In one semi-communal group I know, whole families have to pack their belongings and move out of the apartment building when the leader orders them to. Everyone in the apartment complex can see what's going on. Far from "protecting" these people's reputations, these humiliating rituals only confirm in the minds of those who remain that something must be wrong with these people, or they wouldn't have been asked to leave.

When you see people in a religious system being secretive--watch out. People don't hide what is appropriate; they hide what is inappropriate.

One reason spiritually abusive families and churches are secretive is because they are so image conscious. ...

Another reason for secrecy in a church is that the leadership has a condescending, negative view of the laity. This results in conspiracies on the leadership level. They tell themselves, "People are not mature enough to handle truth." This is patronizing at best. ...

[David Johnson and Jeff VanVonderen, The Subtle Power of Spiritual Abuse, p. 78.]

I was introduced to my spiritually abusive group in 1987 after an extensive screening process. It involved several weeks of phone calls with the leader before I was allowed to attend the first meeting.
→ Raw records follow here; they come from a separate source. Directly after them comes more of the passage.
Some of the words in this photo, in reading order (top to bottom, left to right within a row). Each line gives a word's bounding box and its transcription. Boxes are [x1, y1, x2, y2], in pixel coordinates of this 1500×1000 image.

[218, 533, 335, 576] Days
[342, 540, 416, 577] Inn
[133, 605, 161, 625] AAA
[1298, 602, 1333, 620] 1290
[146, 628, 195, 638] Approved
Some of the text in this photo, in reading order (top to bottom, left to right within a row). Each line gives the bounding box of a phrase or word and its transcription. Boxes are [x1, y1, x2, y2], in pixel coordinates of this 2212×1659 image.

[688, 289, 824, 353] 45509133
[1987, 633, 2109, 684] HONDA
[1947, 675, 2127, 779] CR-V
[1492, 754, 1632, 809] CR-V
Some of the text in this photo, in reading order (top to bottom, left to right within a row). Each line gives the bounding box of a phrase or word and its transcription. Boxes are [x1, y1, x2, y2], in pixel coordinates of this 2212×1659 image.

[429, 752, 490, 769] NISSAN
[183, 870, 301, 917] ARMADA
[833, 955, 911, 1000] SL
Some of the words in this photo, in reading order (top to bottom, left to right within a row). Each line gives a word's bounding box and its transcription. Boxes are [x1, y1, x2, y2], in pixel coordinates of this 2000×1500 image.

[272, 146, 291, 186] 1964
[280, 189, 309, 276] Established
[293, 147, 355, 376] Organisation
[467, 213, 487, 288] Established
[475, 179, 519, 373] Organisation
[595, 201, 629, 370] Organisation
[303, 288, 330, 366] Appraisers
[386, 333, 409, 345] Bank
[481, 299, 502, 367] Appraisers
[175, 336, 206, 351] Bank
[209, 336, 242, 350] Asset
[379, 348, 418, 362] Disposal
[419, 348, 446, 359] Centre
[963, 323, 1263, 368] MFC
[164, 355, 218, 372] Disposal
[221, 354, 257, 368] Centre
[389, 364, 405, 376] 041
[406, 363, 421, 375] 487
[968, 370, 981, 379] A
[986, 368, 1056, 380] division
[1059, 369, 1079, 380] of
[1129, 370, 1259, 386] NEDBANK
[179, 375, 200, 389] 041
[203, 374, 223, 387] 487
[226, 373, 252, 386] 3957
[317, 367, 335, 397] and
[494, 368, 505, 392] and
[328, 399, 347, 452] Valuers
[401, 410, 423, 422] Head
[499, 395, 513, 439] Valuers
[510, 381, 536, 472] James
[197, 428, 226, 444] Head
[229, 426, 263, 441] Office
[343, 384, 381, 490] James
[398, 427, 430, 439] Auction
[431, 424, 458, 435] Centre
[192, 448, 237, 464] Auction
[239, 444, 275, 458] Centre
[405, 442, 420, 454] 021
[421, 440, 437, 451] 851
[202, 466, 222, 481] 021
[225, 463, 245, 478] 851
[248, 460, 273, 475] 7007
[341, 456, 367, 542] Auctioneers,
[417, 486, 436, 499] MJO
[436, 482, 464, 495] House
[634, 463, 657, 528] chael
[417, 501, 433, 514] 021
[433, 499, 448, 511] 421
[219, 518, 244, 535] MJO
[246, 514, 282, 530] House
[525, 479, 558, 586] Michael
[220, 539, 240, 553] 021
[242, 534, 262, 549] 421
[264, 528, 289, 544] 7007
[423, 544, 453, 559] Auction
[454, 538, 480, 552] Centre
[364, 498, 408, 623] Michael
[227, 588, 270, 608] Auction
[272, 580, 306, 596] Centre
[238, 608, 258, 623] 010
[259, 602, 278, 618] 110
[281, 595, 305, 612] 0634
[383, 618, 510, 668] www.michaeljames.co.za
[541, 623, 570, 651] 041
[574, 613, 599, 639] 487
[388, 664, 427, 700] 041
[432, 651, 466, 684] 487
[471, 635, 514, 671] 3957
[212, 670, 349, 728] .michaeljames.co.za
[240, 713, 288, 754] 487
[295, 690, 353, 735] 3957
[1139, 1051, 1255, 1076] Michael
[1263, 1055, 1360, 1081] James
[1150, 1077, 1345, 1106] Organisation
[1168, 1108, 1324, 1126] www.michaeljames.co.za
Since I eventually joined on the premise that I was coming to a "Christian therapy" group (although over time the leader tried to evolve it into a "church"), and I had never attended that kind of group before (so I didn't know what to expect), the fact that there was a screening process didn't seem all that strange to me.

I have since learned of other groups, however, which claim right up-front to be churches, and yet employ a similar screening process with the same effect. New members feel specially selected, rather than merely "settled for."

Given the highly confrontational brand of "therapy" that the leader practiced, it was not too long before I witnessed harrowing scenes in our "therapy" group meetings. But because I was being treated special, and because I was impressed with the leader's seeming competence in psychology (which later turned out to be a charade), I did not consider what I was observing to be "abuse." I thought, "Surely the leader knows these people better than I do, and surely he knows what he's doing!" The artificially-loving recruitment process was keeping me in line from the very beginning.

Because secrets were being kept in the name of "protection," I was less suspicious of the leader's hidden agenda than I should have been. When this agenda finally became obvious, I realized that we had all been tricked into placing blind trust in a man who really did not have the training, experience, or personal integrity to practice therapy, or any other kind of counseling. We had all been seduced into placing our trust in him through a carefully-orchestrated process, patiently carried out over weeks and months, beginning with our initiation into the group.